И тогда мы решили завести детей. Решили реанимировать наши отношения старым проверенным способом. Сто процентов, дети! Уж они-то точно спасут наши отношения!

Мы прямо-таки заболели этой идеей. Занимались сексом по расписанию, составленному в зависимости от её овуляции. Когда я кончал, она тут же вставала в «берёзку», вытягивая ноги вверх, будто сваи, чтобы сперма максимально затекла в её лоно. Через три месяца таких попыток забеременеть я возненавидел не только её, но и всех женщин в принципе.


Трескотня в ушах. Кажется, это радио. Мерзкий из-за своего бесстрастия голос что-то читает. Михаэль Меркель. Что за тип? Да это же я!

Где это чёртово пиво? Как же я пьян! Но это хорошо, да, определённо хорошо.
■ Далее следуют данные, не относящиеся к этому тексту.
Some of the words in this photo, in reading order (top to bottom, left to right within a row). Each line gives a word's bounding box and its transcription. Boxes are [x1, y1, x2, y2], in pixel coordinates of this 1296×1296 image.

Где-то у меня был припасён камень. Помните, как в клипе «Cardigans», когда блондинка кладёт камень на педаль газа и расслабляется? Рядом с ней… кто же, чёрт возьми, рядом с ней? А, кот Феликс!

«I'm losing my baby,

Losing my favorite game…[13]»

Не убавить — не прибавить. Где же это пиво?!


II

Вчера Мария перестала со мной разговаривать. Пришла домой, молча, переоделась и куда-то ушла. Я пытался заговорить с ней, но безуспешно. Обычно, даже в самом плохом настроении, она отделывалась коронным «oh, nein», но тут — ноль реакции.

Я разжёг костёр. Гипноз пламени не спасал от воспоминаний: я снова и снова прокручивал в голове последние ссоры с Марией. Сердце то колотилось, то щемило, будто вот-вот случится сердечный приступ.
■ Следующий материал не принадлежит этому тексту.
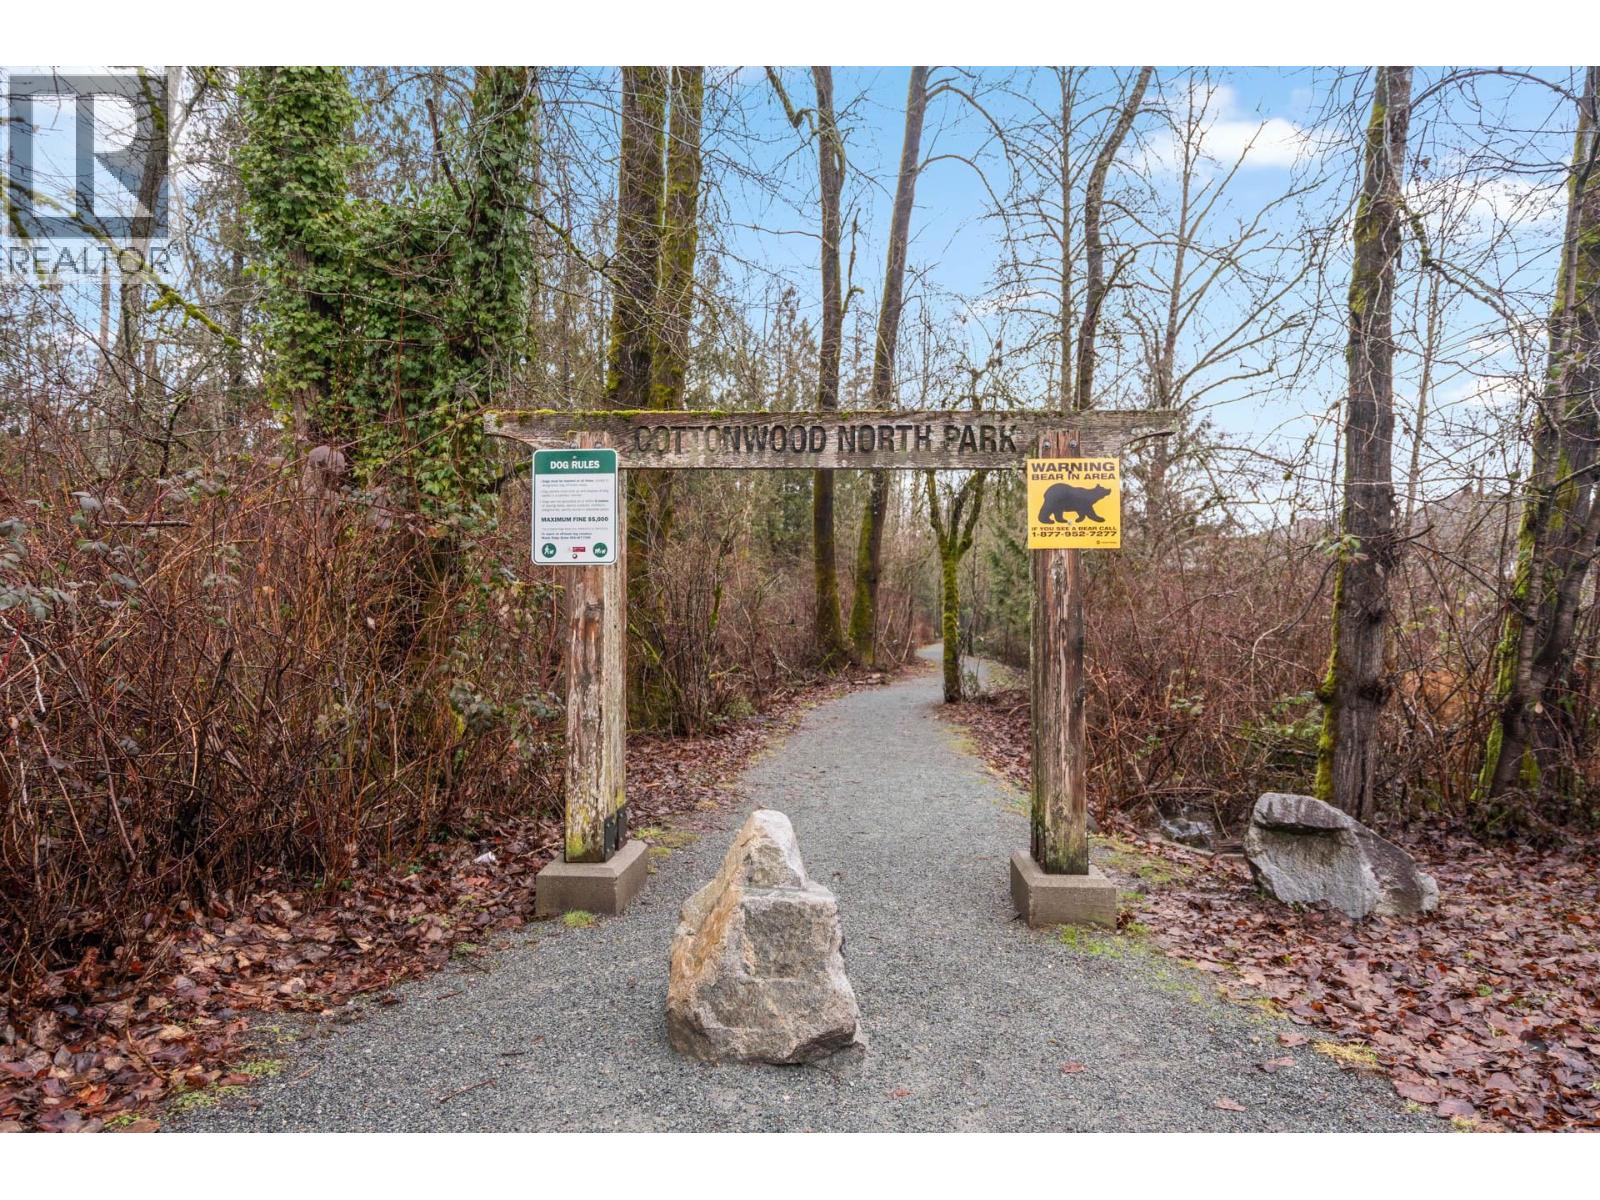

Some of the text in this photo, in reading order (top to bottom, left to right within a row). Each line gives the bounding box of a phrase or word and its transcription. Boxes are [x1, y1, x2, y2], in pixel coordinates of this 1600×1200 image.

[635, 424, 1017, 453] COTTONWOOD NORTH PARK
[550, 460, 600, 469] DOG RULES
[1031, 462, 1115, 472] WARNING
Вернулся домой. Здесь всё до тошноты напоминало о Марии. Я купил две бутылки клюквенной «Финляндии» и отправился ночевать в гостиницу. Раз двадцать, наверное, пробовал дозвониться Марии, но она не брала трубку. Я наливал водки, выпивал и звонил. Пока не ушёл в полный отруб.

Утром я вернулся домой. У меня были большие планы: заняться медитацией под «Karunesh», написать список плюсов и минусов нашего брака с Марией и, наконец, решить, стоит ли нам быть вместе.

Чтобы опохмелиться, купил себе пива. На вчерашних клюквенных дрожжах меня быстро развезло. О медитации не могло быть и речи. Я включил «Alt.end» группы «Cure», и голос, похожий на завывание скользких карнизов, затянул:

«And I don't want another go around,

I don't want to start again.

No, I don't want another go around,

I want this to be the end.[14]»

Вдруг я расплакался. Слёзы подошли предательски мягко, незаметно, как матёрый маньяк, и, переполнив глаза, влажными, едкими сгустками вывались наружу. На проигрывателе была включена функция «repeat», и Роберт Смит, добивая меня, стонал снова и снова: «No, I don't want another go around, I want this to be the end…»

Я упал на ковёр, и тут появилась Мария. Сначала я решил, что она привела одного из своих хахалей, но с ней была подруга. Впрочем, мне всегда казалось, что они спят друг с другом. Они увидели меня на полу. Мария поморщилась и бросила мне:

— Wieso bist du nicht bei der arbeite[15]?

— Was ist mit ihm[16]? — замерла подруга.

— Dreht wieder durch[17], — пояснила Мария.

Я был на грани. Песня, слёзы, размышления — всё это довело меня до крайней степени экзальтации. Слова Марии стали точкой кипения. Я кинулся на её подругу, крича что-то вроде: «Пошла вон, лесбиянка!» Она убежала. Мария кинула ей вслед:

— Wiedersehen[18]! — и уже мне. — Ты совсем тронулся? Выключи музыку!

Когда я рыдал на полу, то отчётливо представлял себе, что и как скажу ей. Речь, прокрученная мной в голове, была идеальной, в меру гневной и в меру взвешенной, но сейчас вырвалось только одно слово:

— Почему?

— Потому что, — усмехнулась она и принялась раздеваться. — Выключи!

Я нажал паузу. Роберт Смит умолк. Я стоял и смотрел, как раздевается моя жена. С тех пор, как мы встретились, она заметно обрюзгла.